Quick backstory. This past weekend, Pastor Steve Cassell of Illinois’ Beloved Church of Lena got slapped down by a federal judge who wrote that, no, Governor J.B. Pritzker‘s decision to temporarily prohibit church gatherings of more than 10 people isn’t a violation of religious rights.
The pastor had claimed that churches were being discriminated against because the state doesn’t designate them an “essential service,” the way it labels grocery stores. If there are exemptions for supermarkets, there ought to be exemptions for churches, Cassell reasoned. The judge begged to differ, saying that grocery shoppers enter and leave the store with all due speed and deliberation, minimizing possible exposure to the virus. By contrast, the whole point of congregating in a church is to engage in fellowship, to sing together (watch those droplets!), etc. — things that “involve sustained interactions between many people.”
Hemant wrote about the judge’s spanking here.
So, now that the matter is settled, Cassell is being a good citizen and following civil authorities’ directives, right? Rendering unto Caesar what is Caesar’s?
The pastor of a church that defied the Governor’s stay-at-home order and held services with more than 10 people last Sunday said he’ll continue holding services.
“We are trying to walk tenuous line between the Governor’s tyrannical overreach and the provisions that are made in the Word of God and the scriptures as to what the gathering, the assembly of the saints, should look like,” he said.
Pastor Cassell said his church encourages social distancing among parishioners — aside from family members who live together — and offered people masks as they entered the church Sunday. The minister said he did not wear a mask and didn’t notice if his congregation did. He also said he didn’t pay attention [to] whether church-goers were practicing social distancing.
It’s not a big church. Cassell usually has an audience of 70 people, give or take. Unless he’s legally blind, it’s literally impossible that he doesn’t know if his congregants were wearing masks and practicing physical distancing.
My theory is that most weren’t, or not consistently. Cassell is probably playing dumb to reporters so that he doesn’t have to cop to a truth that he knows is unpalatable to the authorities (and to the people of Illinois who don’t have a death wish).
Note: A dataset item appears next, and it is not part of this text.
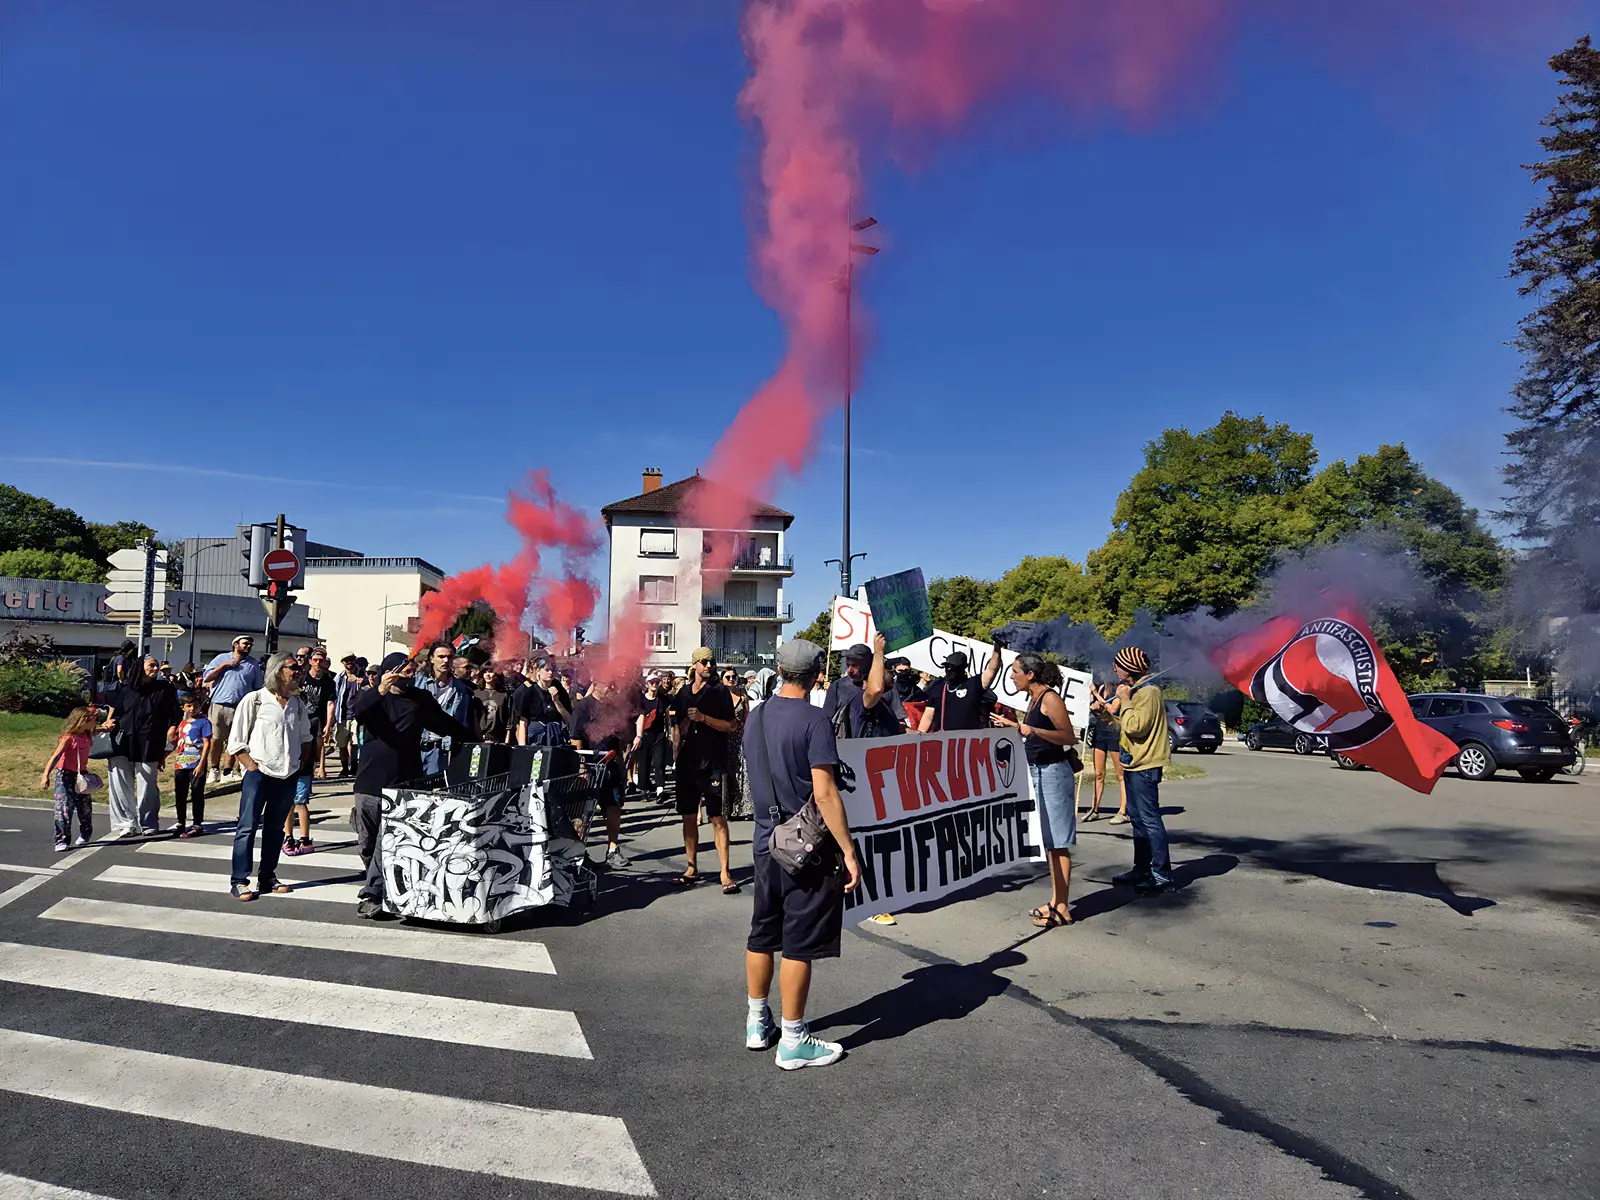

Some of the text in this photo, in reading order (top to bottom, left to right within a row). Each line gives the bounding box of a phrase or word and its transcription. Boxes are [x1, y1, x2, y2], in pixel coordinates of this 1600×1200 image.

The minister said that while 60-80 people normally attend services, he didn’t note or count how many were there Sunday.
I ain’t seen nothing. I don’t know nothing. Who’re you gonna believe, me or your lyin’ eyes?
As religious goombahs go, this guy is up there.
P.S.: How’s this for more of that delicious Christian persecution complex, which often involves not an honest shock over being threatened or attacked, but the craving of it?
Pastor Cassell said he, his family, and his church have received threats online and over the phone. He said he filed a police report in one instance.
That sounds bad. But wait:
Lena Police Chief Steve Schaible confirms an “informational” report was filed, but that it was a second hand report. The chief said the person who had “read somewhere” there was a serious threat to the church did not want to personally file the police report, so the pastor did.